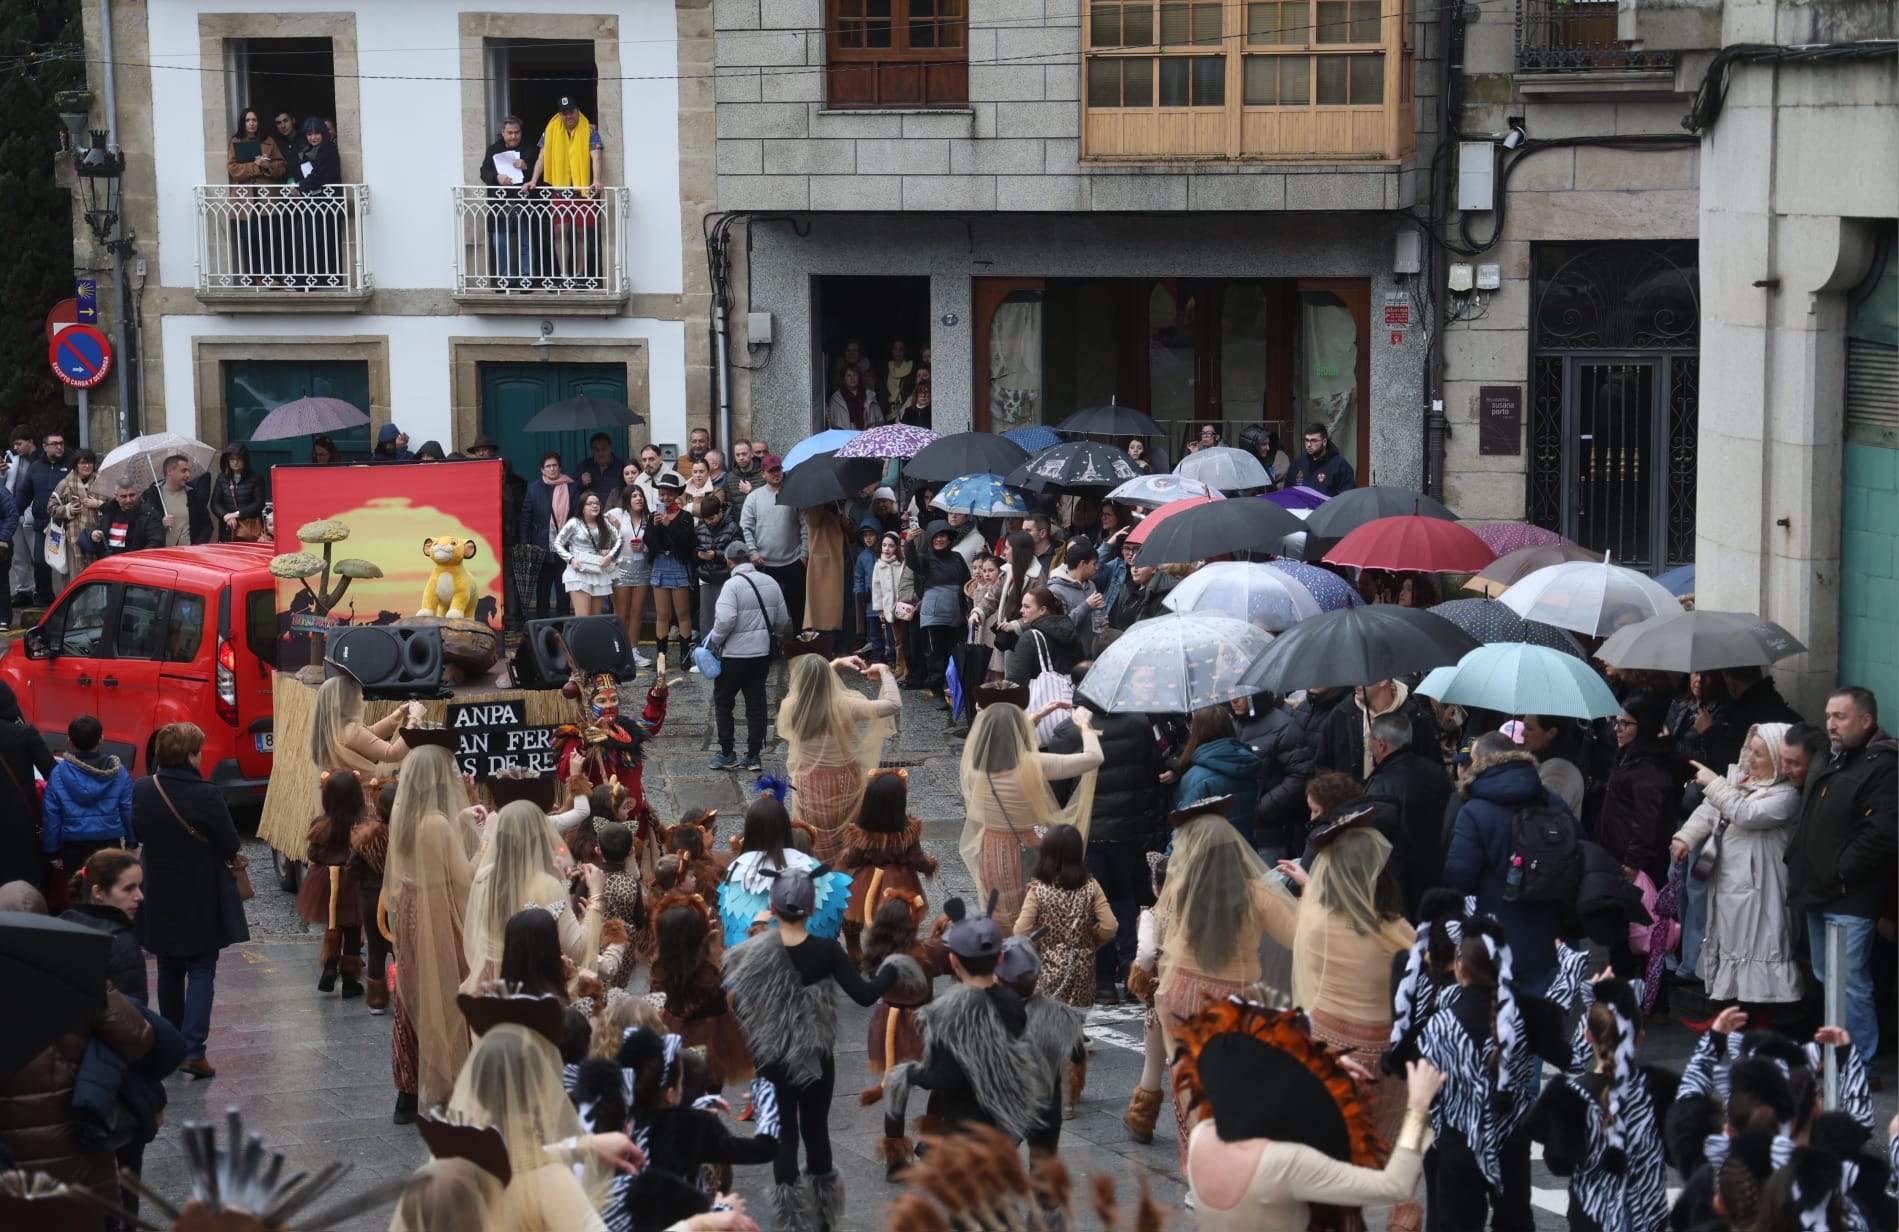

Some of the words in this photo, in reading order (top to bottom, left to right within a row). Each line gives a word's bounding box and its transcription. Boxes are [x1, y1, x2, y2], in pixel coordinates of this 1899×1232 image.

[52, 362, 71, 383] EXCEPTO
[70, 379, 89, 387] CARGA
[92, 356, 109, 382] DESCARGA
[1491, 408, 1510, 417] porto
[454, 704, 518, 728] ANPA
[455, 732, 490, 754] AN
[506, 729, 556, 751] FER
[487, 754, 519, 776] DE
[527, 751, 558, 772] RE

--*--

What the exercise asks: The answer is the full set of records printed exactly, less the pictures.

Completed exercise:
Some of the words in this photo, in reading order (top to bottom, left to right within a row). Each line gives a word's bounding box and its transcription. Boxes are [x1, y1, x2, y2], in pixel coordinates of this 1899×1232 image.

[52, 362, 71, 383] EXCEPTO
[70, 379, 89, 387] CARGA
[92, 356, 109, 382] DESCARGA
[1491, 408, 1510, 417] porto
[454, 704, 518, 728] ANPA
[455, 732, 490, 754] AN
[506, 729, 556, 751] FER
[487, 754, 519, 776] DE
[527, 751, 558, 772] RE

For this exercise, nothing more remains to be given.